The top tier is home to a 1934 restored fountain designed by the Fleischmann company’s engineering department, coupled with a native wisteria. One of the main attractions on that tier is a parade of hybrid tea roses, which Stewart has carefully collected over the years. While there are other flowers in the garden, roses are a major facet throughout the scene here. When Stewart and Perrone invite guests to the Fleischmann House in the summer, the entire garden is suffused in the heady redolence of roses.
Stewart’s romance with roses was forged at a formative age. He remembers being mesmerized by a rose garden on the way to school as a seven-year-old, and his adoration grew more ardent with time. Although hybrid tea roses and David Austin English roses are well represented in the garden, they are just the beginning. The rosarian delves into more arcane varieties, such as Bourbons, grandifloras, musk roses, and damasks. He hosts even more elusive varieties, with names that would be recognizable only to experts. But then, Stewart educates the experts: He is an active member of the American Rose Society and has produced award-winning photographs for their publications and competitions, and shared advice in forums.

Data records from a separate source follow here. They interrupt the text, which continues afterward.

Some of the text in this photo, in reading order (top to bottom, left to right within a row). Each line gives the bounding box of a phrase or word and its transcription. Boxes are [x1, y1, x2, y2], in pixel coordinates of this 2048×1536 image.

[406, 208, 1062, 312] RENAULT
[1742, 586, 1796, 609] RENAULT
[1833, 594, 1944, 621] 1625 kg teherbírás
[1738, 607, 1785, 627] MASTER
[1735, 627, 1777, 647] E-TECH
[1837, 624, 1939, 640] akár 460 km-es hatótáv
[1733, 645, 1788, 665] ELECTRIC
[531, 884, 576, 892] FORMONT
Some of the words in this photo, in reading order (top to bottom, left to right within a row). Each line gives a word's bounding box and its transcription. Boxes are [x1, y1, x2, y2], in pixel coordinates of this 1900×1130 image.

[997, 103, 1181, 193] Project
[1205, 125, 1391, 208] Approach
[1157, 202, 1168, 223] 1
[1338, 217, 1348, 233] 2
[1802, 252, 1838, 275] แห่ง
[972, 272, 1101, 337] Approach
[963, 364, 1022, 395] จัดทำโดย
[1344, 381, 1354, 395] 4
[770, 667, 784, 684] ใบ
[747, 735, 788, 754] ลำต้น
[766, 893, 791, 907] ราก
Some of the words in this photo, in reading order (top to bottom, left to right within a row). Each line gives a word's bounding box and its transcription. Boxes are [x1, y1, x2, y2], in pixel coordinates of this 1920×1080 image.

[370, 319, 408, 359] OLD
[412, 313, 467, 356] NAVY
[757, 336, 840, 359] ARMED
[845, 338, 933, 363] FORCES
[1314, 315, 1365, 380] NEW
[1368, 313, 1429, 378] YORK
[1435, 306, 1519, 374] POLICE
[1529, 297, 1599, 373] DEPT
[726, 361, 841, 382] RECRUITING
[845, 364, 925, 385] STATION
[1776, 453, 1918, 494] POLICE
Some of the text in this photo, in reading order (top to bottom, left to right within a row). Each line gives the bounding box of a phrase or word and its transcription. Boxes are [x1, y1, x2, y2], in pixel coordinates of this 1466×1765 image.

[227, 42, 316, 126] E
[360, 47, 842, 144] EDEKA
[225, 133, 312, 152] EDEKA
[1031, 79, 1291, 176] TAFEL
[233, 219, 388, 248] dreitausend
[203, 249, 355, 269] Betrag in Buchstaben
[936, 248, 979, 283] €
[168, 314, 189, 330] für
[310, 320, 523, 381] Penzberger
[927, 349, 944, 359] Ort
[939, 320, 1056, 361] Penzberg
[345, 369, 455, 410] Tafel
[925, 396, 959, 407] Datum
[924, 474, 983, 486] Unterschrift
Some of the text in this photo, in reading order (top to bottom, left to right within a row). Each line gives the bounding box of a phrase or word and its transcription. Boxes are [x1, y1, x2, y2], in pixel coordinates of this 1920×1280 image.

Although roses have been added since the initial move, many came in the van from his previous home. Anyone who has ever attempted to transplant a rose knows that this feat can pose a major challenge, but Stewart was not fazed. To accomplish this successfully, he removed one-third of the rose’s foliage, to minimize transplant shock, and watered the plant generously. Then, he enlisted a sharp, flat-tipped spade to slice into the ground around the drip line and cut roots without shredding their water-drinking root hairs. Normally, he would suggest wrapping the root ball in burlap for ease of transport and then transplanting rapidly to the new location. In this case, however, he was moving the plants in early winter, before the new space was readied for planting. In the interim, they were potted in five-gallon plastic pots collected from all the nurseries he’d patronized over the years, to be stored in an unheated greenhouse. Even so, two-thirds of the roses survived the coldest and snowiest winter on record.
Stewart loves serving as a resource for master gardeners and sharing his knowledge of transplanting perennials and shrubs. When he and Perrone took the Fleischmann House and its land under their wing, the entire community benefited as a result. If ever a house, and its landscape, deserved a preservation award, the Fleischmann House is it.